挫いた足のまま、今まで鍛錬もした事のない男を扱く訳にいかん。
「一先ず動かしてみろ。爪先を揃えて目一杯伸ばせ。まず右足」
要領を得ぬ顔で、テギョンはそのまま伸ばせる限り足首から先を前へと伸ばす。
「左足」
伸びた足先は、右と同じ程度まできちんと伸びた。
「次に戻せ。足首から下だけだ。何処まで戻る」

戻す様子を見れば、右足に比べ左足は少しだけ戻りが悪い。
俺の横で同じく様子を見ているこの方は、それでも動きに満足したように頷いて安心したような息を吐く。
「善し。
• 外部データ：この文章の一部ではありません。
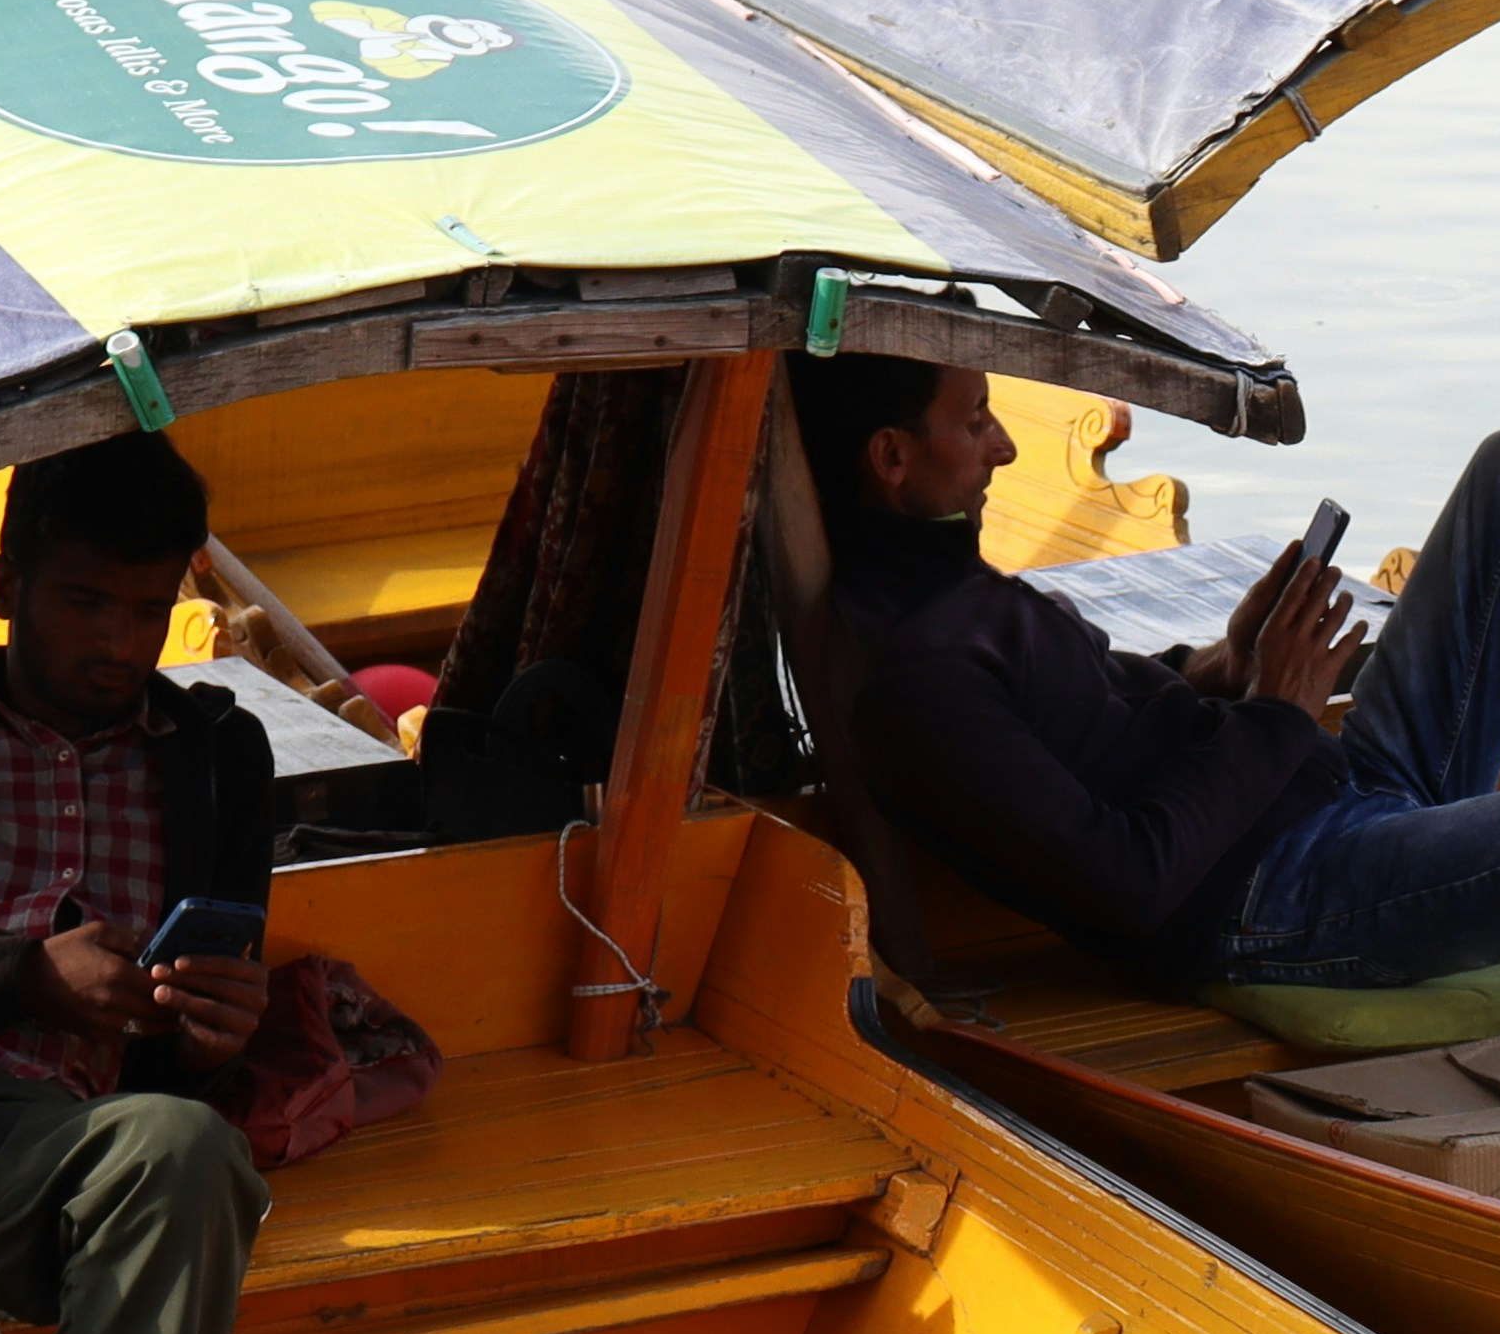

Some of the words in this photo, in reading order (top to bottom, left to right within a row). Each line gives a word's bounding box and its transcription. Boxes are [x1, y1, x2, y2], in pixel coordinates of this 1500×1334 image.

[97, 36, 167, 76] Idlis
[144, 79, 189, 95] &
[162, 98, 235, 144] More
次だ。何処まで内側に曲がる」

右を、そして左を戻しても、動きに大差はない。
テギョンは言われるがまま声に従い、黙々と足首を動かした。
「次に外だ。何処まで外側に倒せる」

そして外に向けて倒せた踵の位置を見、次の声を飛ばす。
「廻してみろ。左足だけで良い」

がくがくと不安定に揺れる事もない。テギョンの足首は制御された動きで正常に廻る。
「爪先で三角が書けるか」
力が抜ける事もなくそれぞれの一辺を的確に書いて、さすがに奴は俺に問い掛けた。

「大護軍様、これは一体」
「動きを見ている」
短く言って懐の手拭いを出し、それを奴の左足の爪先へ引掛ける。その両端を握らせ
「引張れ」

そう言うと、奴は素直にその両端を引いた。
腱が切れていれば必要以上に深く引けるが、奴の足首は脚後ろの腱が伸びきった処で止まる。
「立て」
声に促され廊下に立った男の足を確かめ
「右足だけ、二歩分前に出せ」

この男は何処まで素直なのだろうか。
俺なら初見の相手に言われ、こうも疑いもせず唯々諾々とその声に従ったりはせん。
しかし奴は右足をきっちり二歩分前に出す。

前後に開いた足を確かめ、
「右足の膝を曲げろ。横に出すな。膝を前に向けて真直ぐ」
声に促され、奴はそのまま右足を曲げる。
「左足の膝も曲げろ。踵を浮かせるな。床に付けたままだ」
矢張り左足は少し動きが悪い。それでも深刻な程ではない。
「戻して座れ」

男が再び縁側に座した処で
「触る」
その左足の踵を己の手で掴み、右側を、そして左を確かめる。
ぐらつきもがたつきも、妙な緩みも緊張もない。
「俺が引張る。逆側に力を掛けて、この位置に戻せ」

踵を押さえていた手を爪先へ移し伸ばそうとする俺の力に逆らい、奴は足首の力でそれを元へ戻そうとする。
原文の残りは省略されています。